Getzow, who declined to be interviewed for this story, did not sit in on the May settlement conference, as he normally would have. Instead, he waited outside in the hall while his court-appointed attorney negotiated on his behalf.

Getzow may have avoided direct negotiations with O'Reilly because of an argument the two had last winter that erupted in violence. According to police, Getzow came into the Holy Grail on Feb. 10 at about 1:30 a.m. complaining about noise and attempting to goad O'Reilly into a fight. O'Reilly refused and tried to get Getzow to leave. Bartender Patricia Herlihy was so alarmed at Getzow's behavior that she began taking photographs of him with a digital camera. Getzow approached her and shoved or pushed the camera into her face, SFPD Sergeant Neville Gittens says.

Herlihy was taken to the hospital, Gittens says, though the police report contains no information about the extent of her injuries. Getzow retreated to a nearby crepe restaurant, where he was still in such an agitated state when the police arrived that it took several officers to restrain him, the report says. On July 25, Getzow entered a plea of not guilty to two felony assault charges and one misdemeanor assault charge.

After Getzow had waited for half an hour outside the courthouse conference room, his attorney finally emerged. While it is unknown what tenant and landlord settled on, this much is clear: Up until that point, Getzow had lived for seven months in his apartment without paying rent, and ten days later, he finally moved out of O'Reilly's building.

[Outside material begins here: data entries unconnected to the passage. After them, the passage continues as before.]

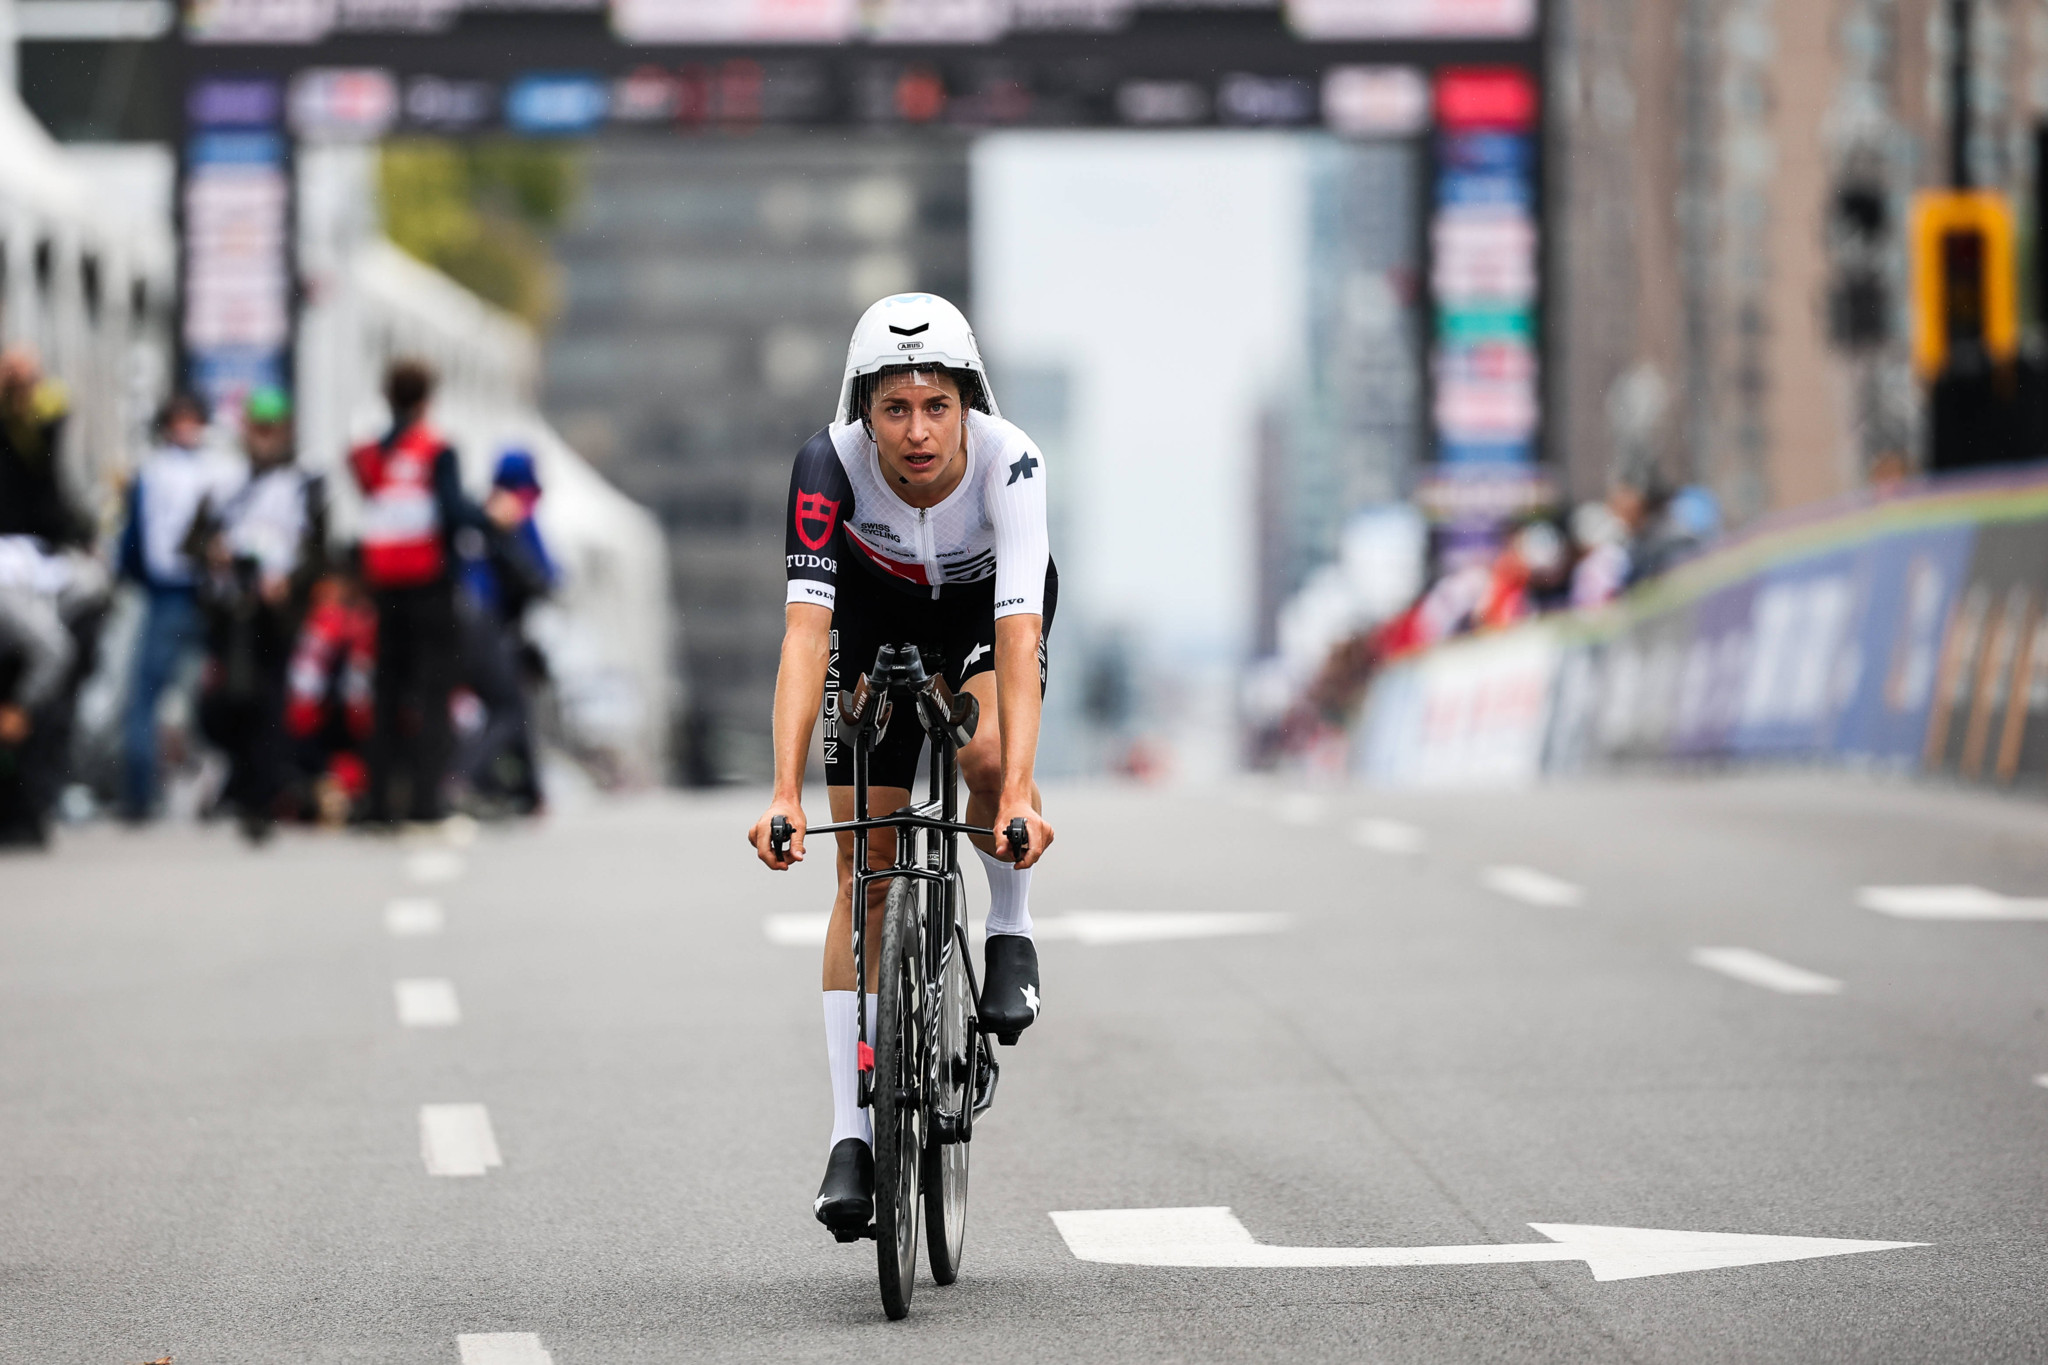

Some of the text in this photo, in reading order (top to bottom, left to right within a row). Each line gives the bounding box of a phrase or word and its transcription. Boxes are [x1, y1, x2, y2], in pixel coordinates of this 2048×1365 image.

[861, 522, 890, 532] SWISS
[861, 528, 901, 543] CYCLING
[786, 554, 838, 575] TUDOR
[805, 588, 835, 601] VOLV
[994, 597, 1025, 609] OLVO

Getzow is getting pretty well known along the Polk Street corridor. Unlike other serial evictees, who move among different neighborhoods, all of his eight evictions in San Francisco have occurred in a 20-block area known as Lower Nob Hill. It includes lower Polk Street between California and McAllister, where a mishmash of businesses seem to defy traditional neighborhood classification. There are a lot of marginal residence hotels and older apartment buildings whose managers ask few questions of prospective tenants. It's a place where someone like Getzow can blend into the social spectrum that includes young professionals walking briskly between the upscale restaurants and wine bars, old bohemians sipping cappuccinos at cafes, and teenage street hustlers trolling the street for tricks.

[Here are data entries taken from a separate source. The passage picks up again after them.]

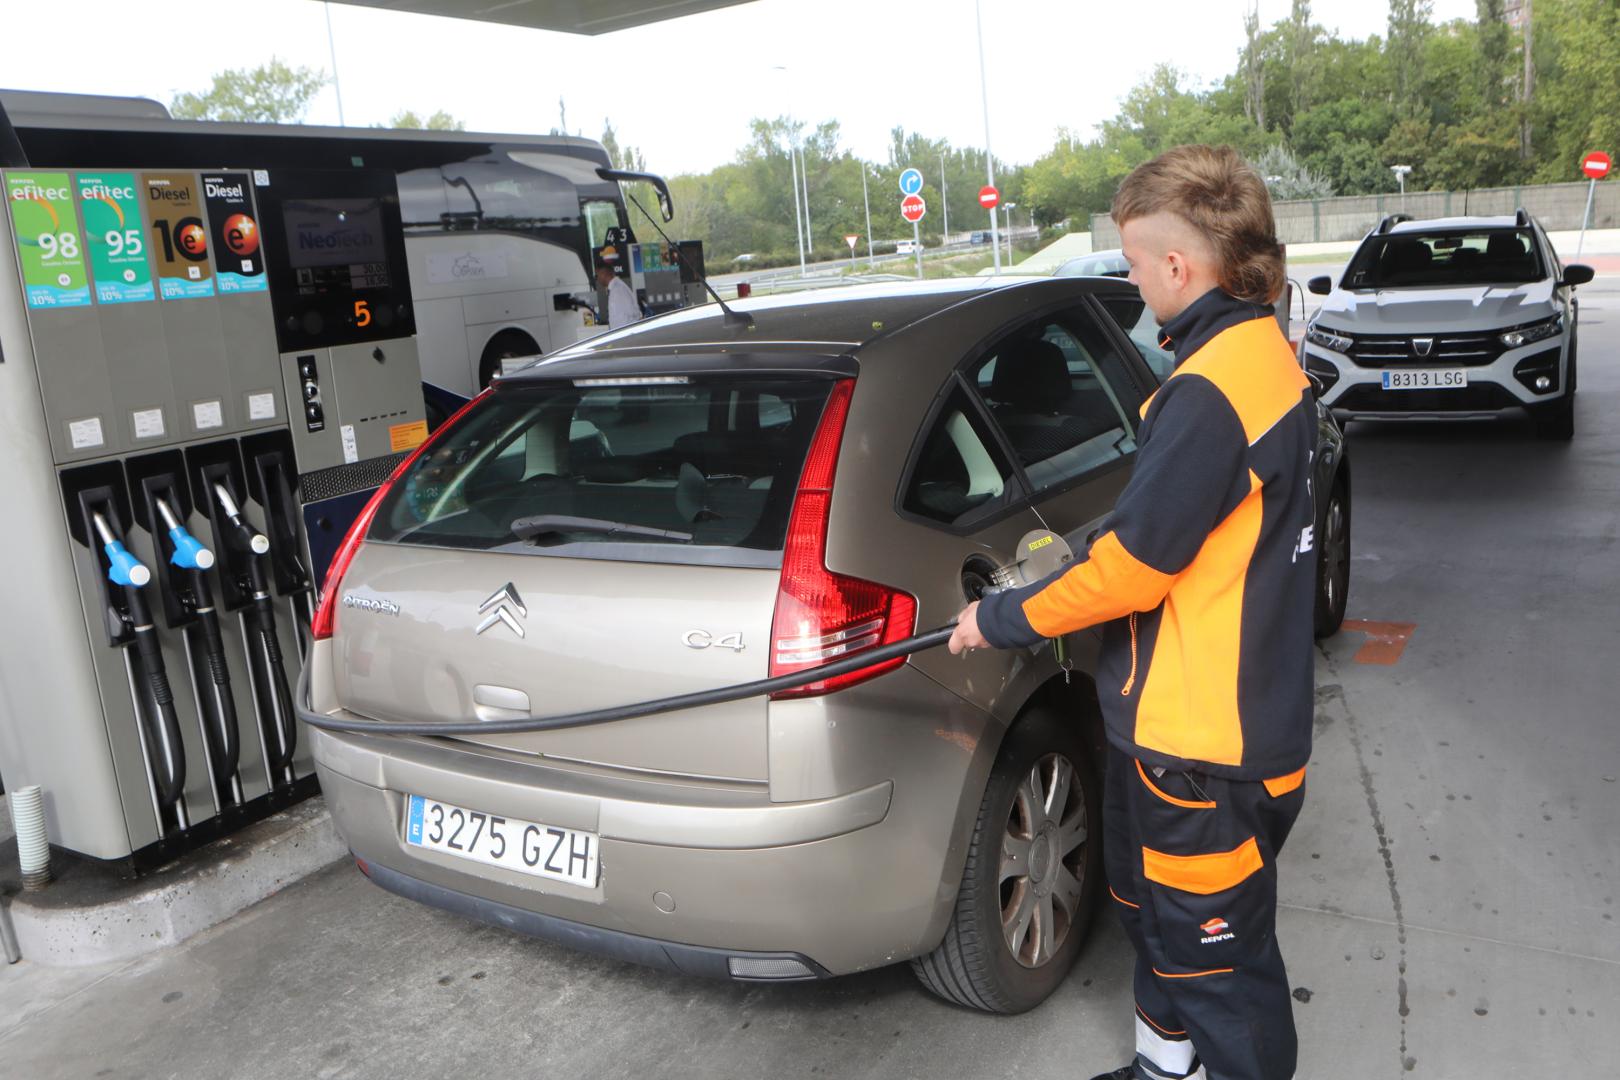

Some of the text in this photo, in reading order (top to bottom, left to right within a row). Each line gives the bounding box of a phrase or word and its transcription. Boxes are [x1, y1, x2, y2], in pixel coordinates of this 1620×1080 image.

[12, 185, 70, 200] efitec
[82, 185, 134, 200] efitec
[150, 187, 190, 201] Diesel
[205, 184, 243, 198] Diesel
[902, 204, 924, 213] STOP
[606, 230, 615, 242] 4
[620, 228, 628, 242] 3
[38, 231, 78, 260] 98
[105, 229, 142, 257] 95
[32, 295, 56, 305] 10%
[354, 300, 371, 327] 5
[1392, 371, 1463, 387] 8313 LSG
[681, 629, 746, 653] C4
[412, 804, 590, 880] E 3275 GZH

Lynne Hubbard, the rental agent who screened Getzow, says the problems he caused put a heavy strain on her dealings with O'Reilly, and they eventually severed their business relationship. Hubbard has seen Getzow walking along Polk, and heard that he moved into another building nearby. "Why does he have to stay in this neighborhood?" Hubbard says as she watches the bustling foot traffic from the Crepe House restaurant. "He's ripped off so many people here, and he continues to eat and drink and hang out in this neighborhood. And we have to watch him."

Babcock, who got to know Getzow fairly well while they lived in the same building, says Getzow has a lot of potential, and it's a shame that it goes to waste. "If he just put the same energy into a profession that he puts into not paying rent and spending time in court, he would probably be a very successful man," he says.

On a windy afternoon in late May, Getzow was moving his belongings out of his room above the Holy Grail. O'Reilly stood stone-faced at the corner, watching the man who cost him thousands of dollars in lost rent and legal fees load his possessions into a vehicle. He was overheard telling one of his employees in a heavy Irish brogue, "I'm just glad to be rid of the bastard."

A couple of other residents couldn't help but laugh when they recognized the man helping Getzow as the manager of a small apartment building at 1470 California, just a few blocks away. "He's a real operator," one of them says. "I feel sorry for his new landlord. He's going to find out soon enough."